Representatives of the GW Progressive Student Union, GW Students Against Imperialism, GW Young Democratic Socialists of America, Sunrise GW and GW Girls Who Code – organizations who also signed the statement – did not return requests for comment.
“The only option that preserves the safety of students, staff and faculty is to close down as many on-campus buildings as possible and limit movement to slow the spread of COVID-19,” the letter states.
The statement calls on officials to ensure faculty and staff don’t undergo layoffs and create a financial pool for faculty and staff to draw on to alleviate financial stress. The statement also includes a request to reinstate fixed tuition or meet 100 percent of students’ demonstrated financial need.
University spokeswoman Crystal Nosal said that officials are working “as quickly as possible” to update the GW community with more information about fall reopening.
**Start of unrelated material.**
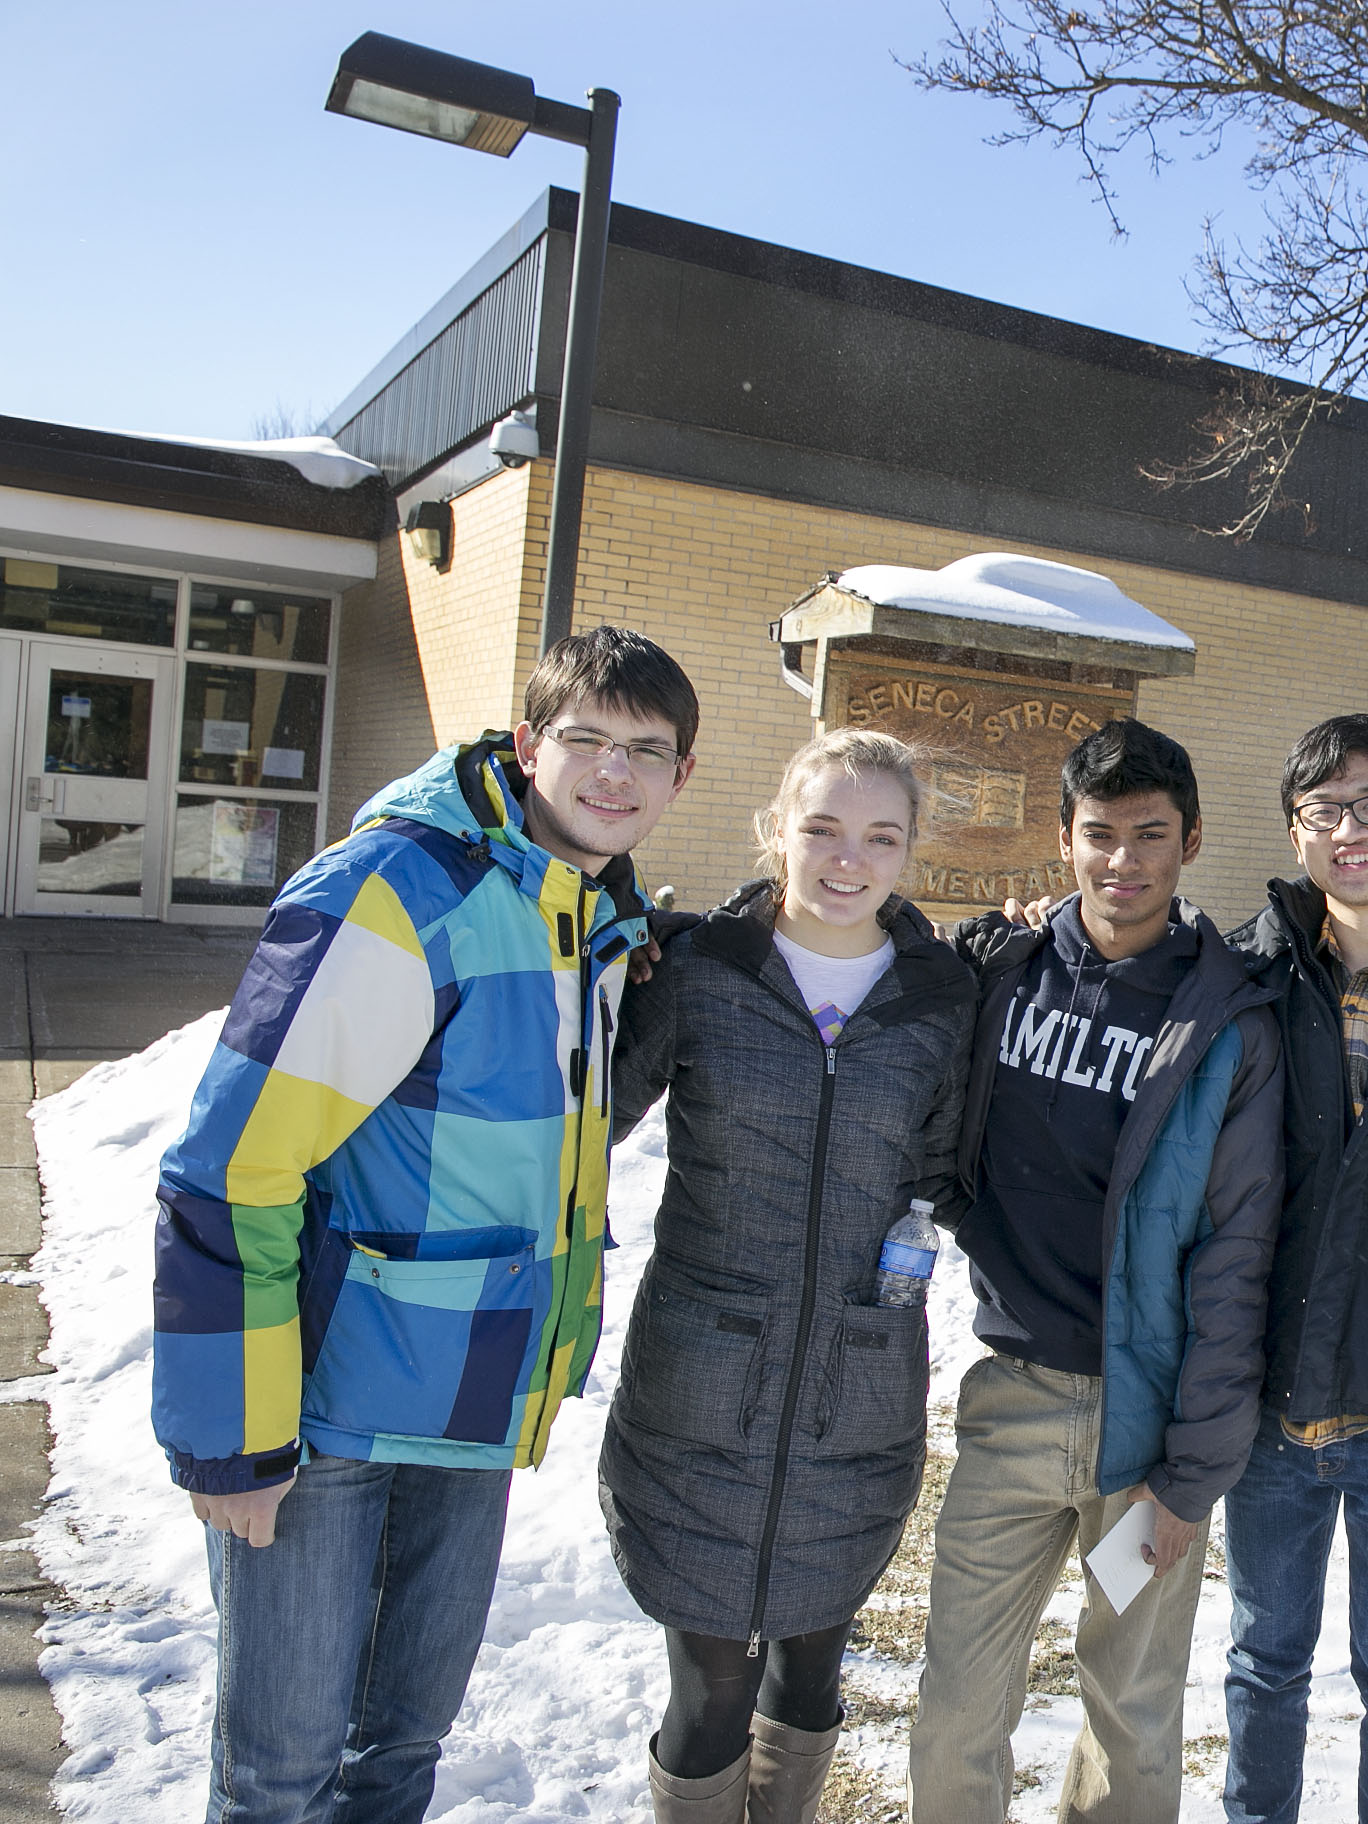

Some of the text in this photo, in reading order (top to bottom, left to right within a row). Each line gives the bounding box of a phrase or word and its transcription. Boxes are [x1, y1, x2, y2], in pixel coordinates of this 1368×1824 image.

[848, 680, 975, 730] SENECA
[903, 858, 1069, 899] MENTAR
[999, 996, 1154, 1101] MILTO
“We remain grateful for the flexibility, patience and resilience of our entire community as we manage the uncertainty of this evolving situation together,” Nosal said in an email. “As we move forward, safety and care will continue to guide all of our actions. We will share more information as soon as it is confirmed in the coming days.”
Erin Chapman, the president of the Faculty Association, said that the organization stands by the demands outlined in the letter and hopes that administrators will fulfill them.
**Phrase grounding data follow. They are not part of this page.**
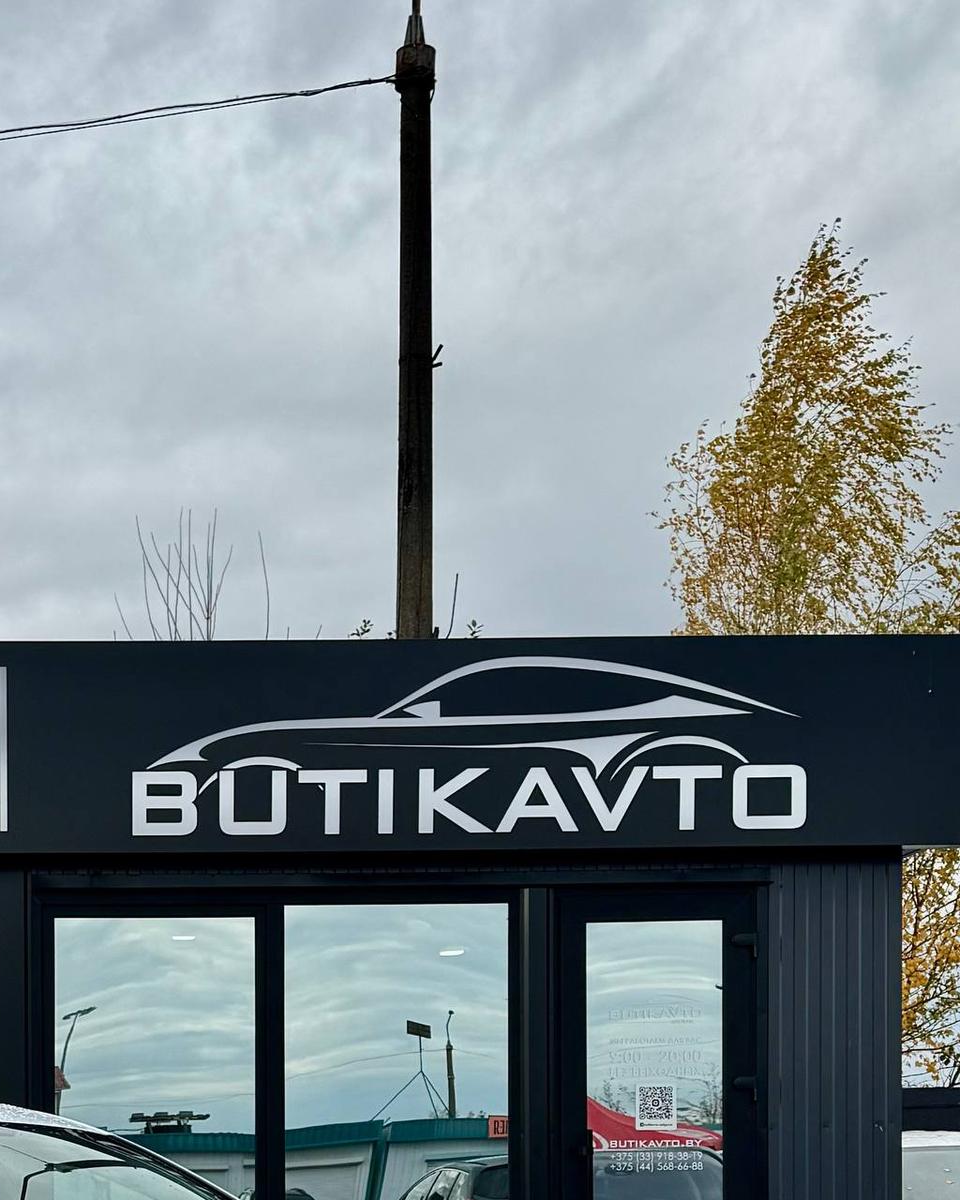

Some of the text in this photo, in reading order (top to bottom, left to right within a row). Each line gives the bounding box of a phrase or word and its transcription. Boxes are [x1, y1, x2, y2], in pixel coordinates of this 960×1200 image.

[132, 763, 807, 837] BUTIKAVTO
[609, 1139, 702, 1148] BUTIKAVTO.BY
[610, 1152, 702, 1162] +375 (33) 918-38-19
[610, 1162, 703, 1172] +375 (44) 568-66-88
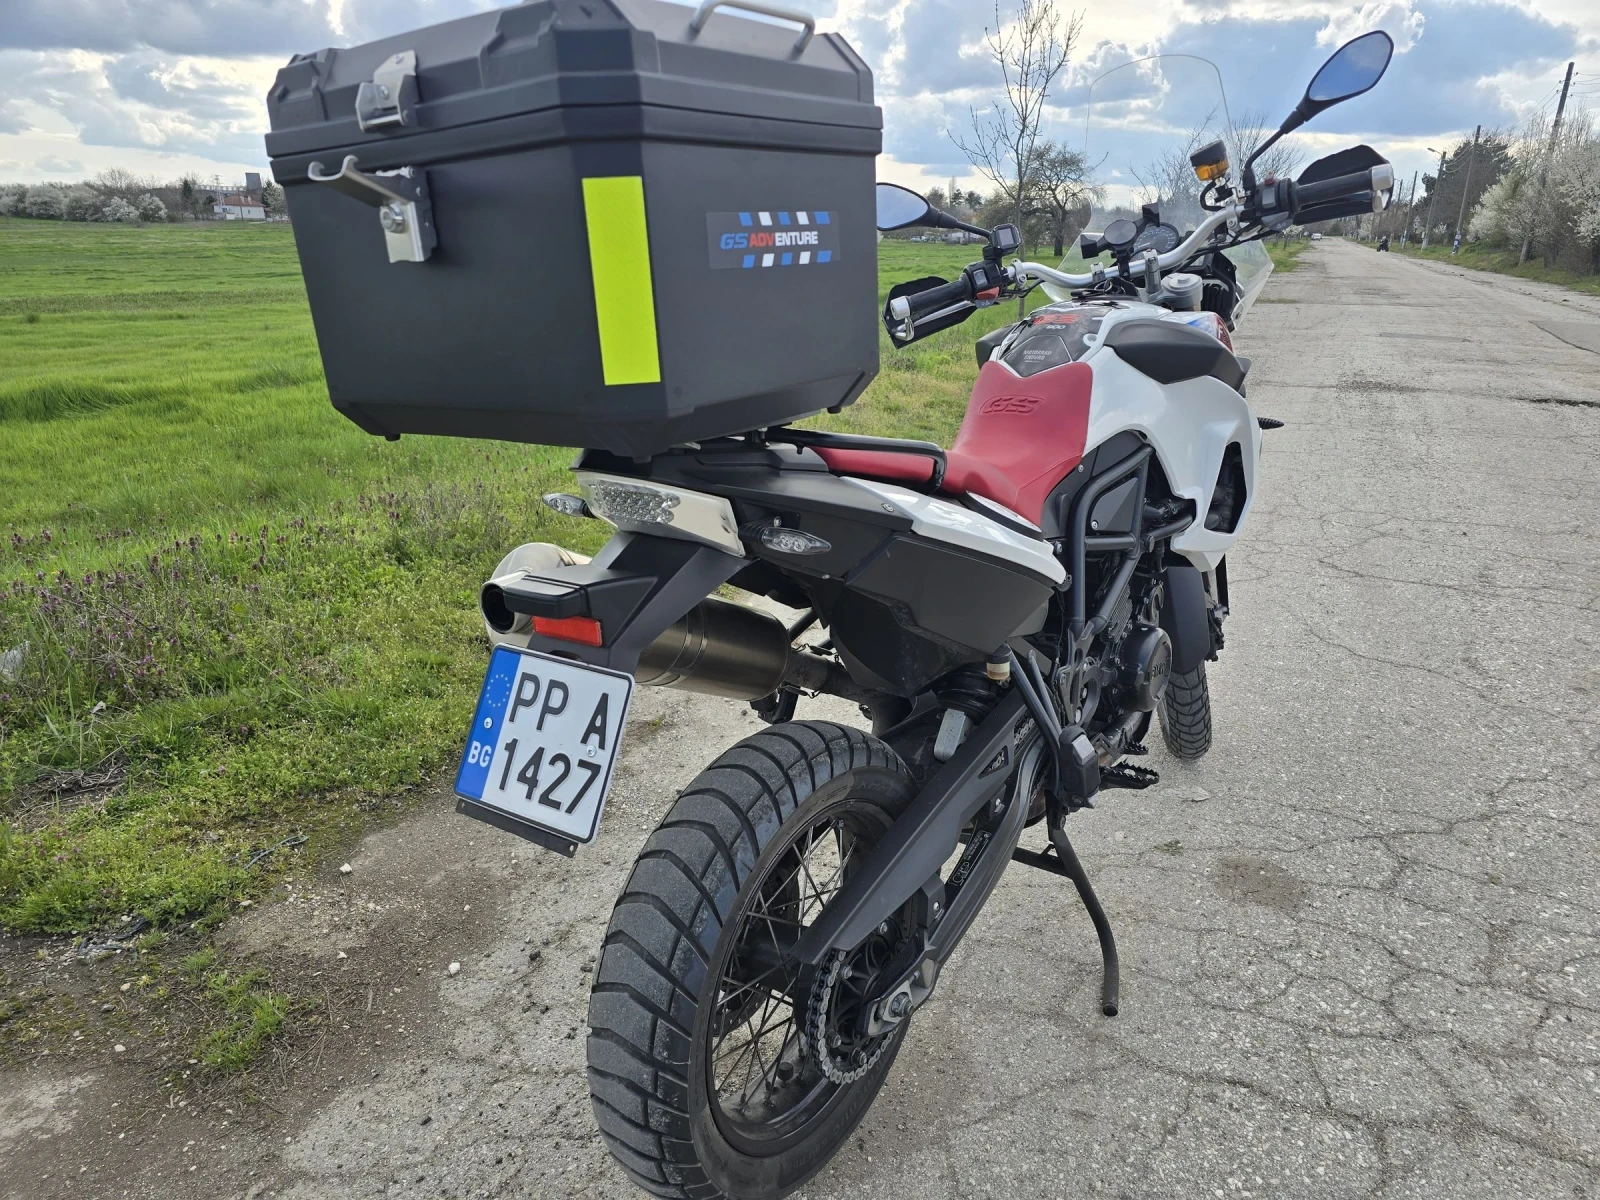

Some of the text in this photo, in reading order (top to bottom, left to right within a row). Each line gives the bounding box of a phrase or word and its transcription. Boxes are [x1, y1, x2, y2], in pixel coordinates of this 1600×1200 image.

[720, 231, 818, 250] GS ADVENTURE
[981, 397, 1040, 414] GS
[508, 671, 609, 750] PP A
[467, 740, 492, 768] BG
[499, 738, 602, 815] 1427
“We are very pleased to see the SA take up this issue on behalf of the wellbeing of GW students, staff and faculty,” Chapman said in an email. “It is our hope that the GW administration will heed our calls to act in the interest of the health and wellbeing of all of us who make up the campus community.”
Rising junior Fletcher Calcagno – a member of the leadership team for GW Students for Bernie, which also signed the letter – said the organization stands by the SA’s position that holding online classes for the fall is the safest option for students, faculty and staff. He said student leaders should compromise with administrators on as few of the demands as possible.
“The purpose of going online in the fall is to save lives,” Calcagno said in an email. “Fighting layoffs, maintaining financial aid and reducing tuition for online classes are all policies necessary to limit the financial ruin that this pandemic is already putting on people all across the country.”